Il est des époques qui se donnent à voir comme des miroirs déformants : chacun y reconnaît ses traits, mais grossis, exagérés, parfois méconnaissables. L’époque en cours n’échappe pas à cette règle. Elle est traversée d’avancées fulgurantes et de crispations tenaces, de promesses d’émancipation et de retours de flammes identitaires, de connectivité mondiale et d’isolement intime. Une époque paradoxale, donc, mais précisément pour cela intensément vivante.
Beaucoup de personnes tendent à céder à la tentation du constat amer, celui d’une « France des rancoeurs » où les colères s’agrègent plus vite qu’elles ne se résolvent, où les récits de déclassement prennent parfois le pas sur les dynamiques réelles de transformation. Mais cette lecture, si elle capte une part du réel, devient trompeuse dès lors qu’elle se fige en explication unique.

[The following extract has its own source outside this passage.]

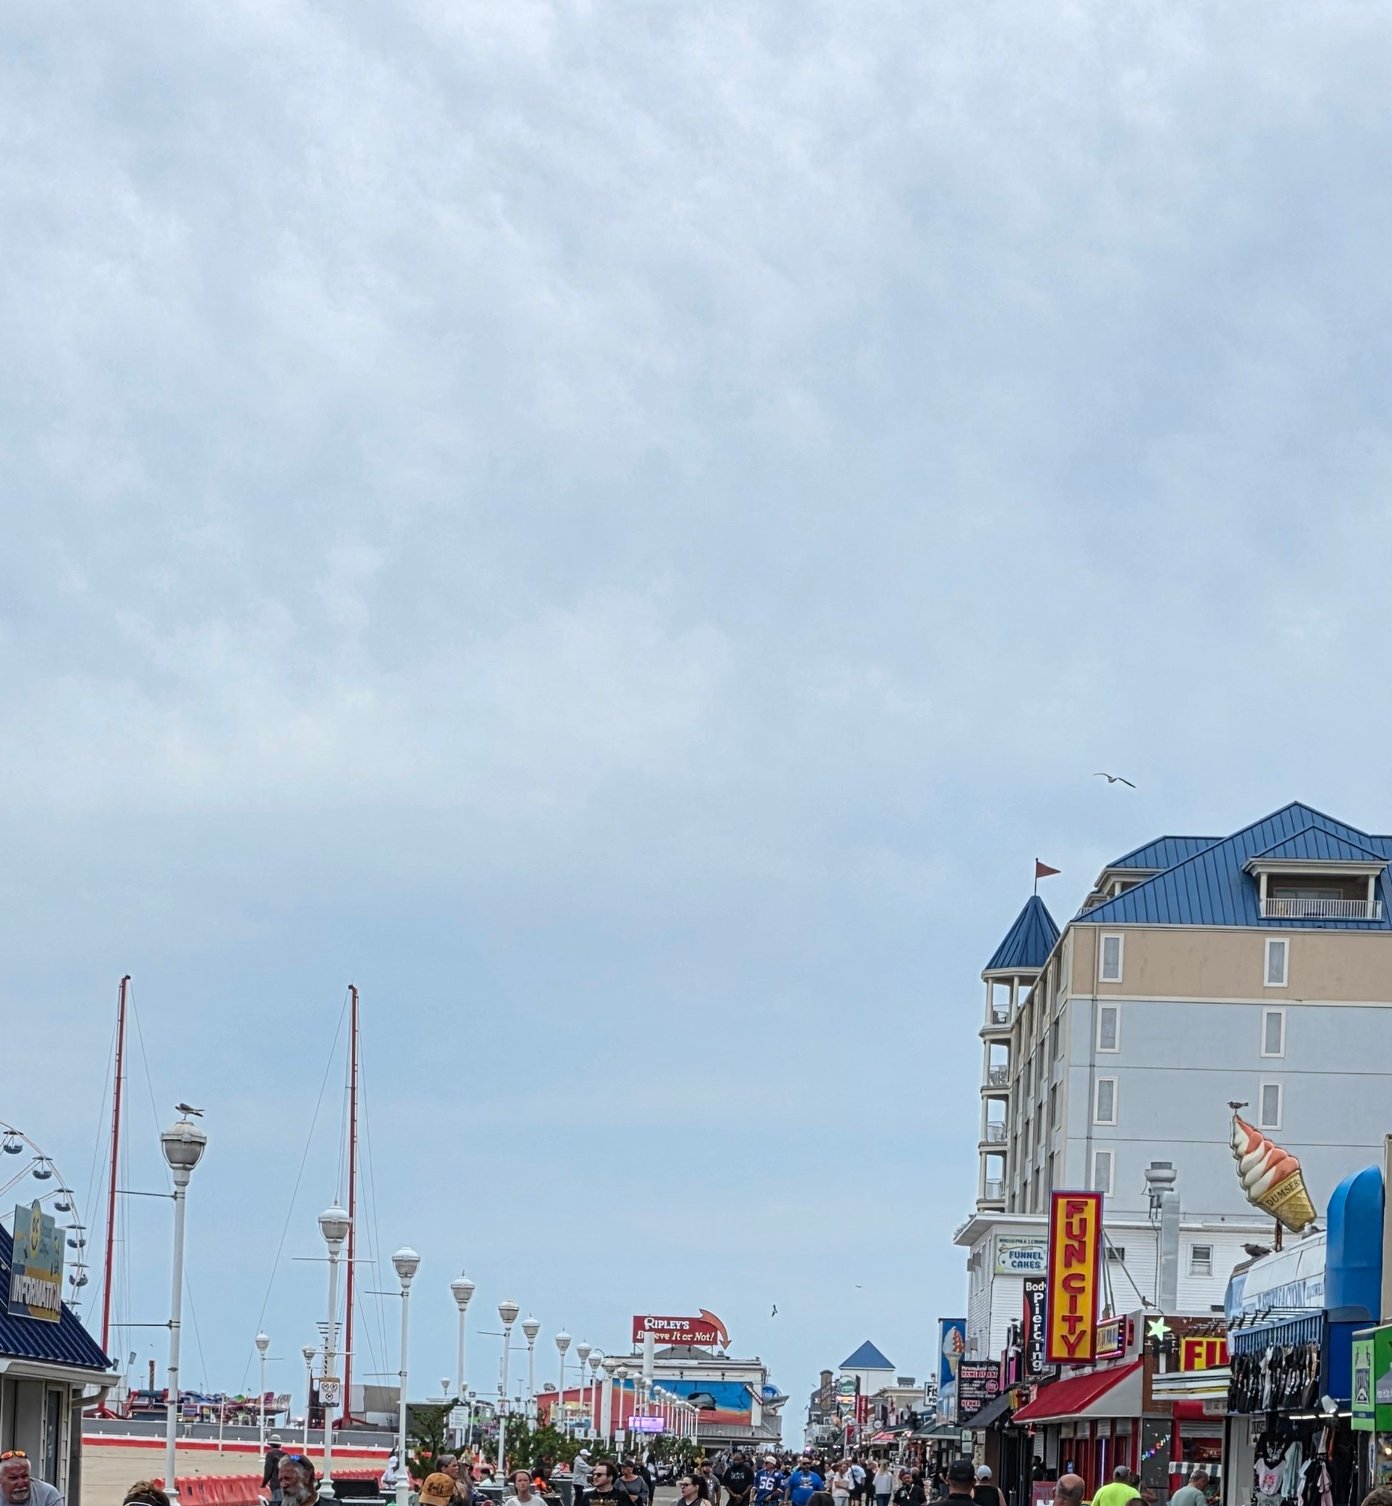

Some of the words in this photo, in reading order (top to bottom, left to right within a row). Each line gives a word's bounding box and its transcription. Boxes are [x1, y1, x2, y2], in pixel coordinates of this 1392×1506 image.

Car ce que l’on appelle crise est aussi, souvent, mutation.
C’est là que le détour par le cinéma éclaire autrement le présent. Dans le film « Un singe en hiver » (réalisé par M. AUDIARD et diffusé en 1962), la nostalgie et l’ivresse se répondent comme deux façons de fuir ou d’habiter le temps. Le personnage incarné par J. GABIN ne se contente pas de regretter : il vacille entre la mémoire d’une vie intense et l’impossibilité de la revivre. Ce balancement dit quelque chose de très contemporain. Nombreux sont ceux à osciller entre la sensation d’un monde plus simple — ou simplement plus lisible — et la complexité irréversible du présent. Mais là où le film suggère une forme de mélancolie habitée, l’époque actuelle tend parfois à transformer cette tension en ressentiment.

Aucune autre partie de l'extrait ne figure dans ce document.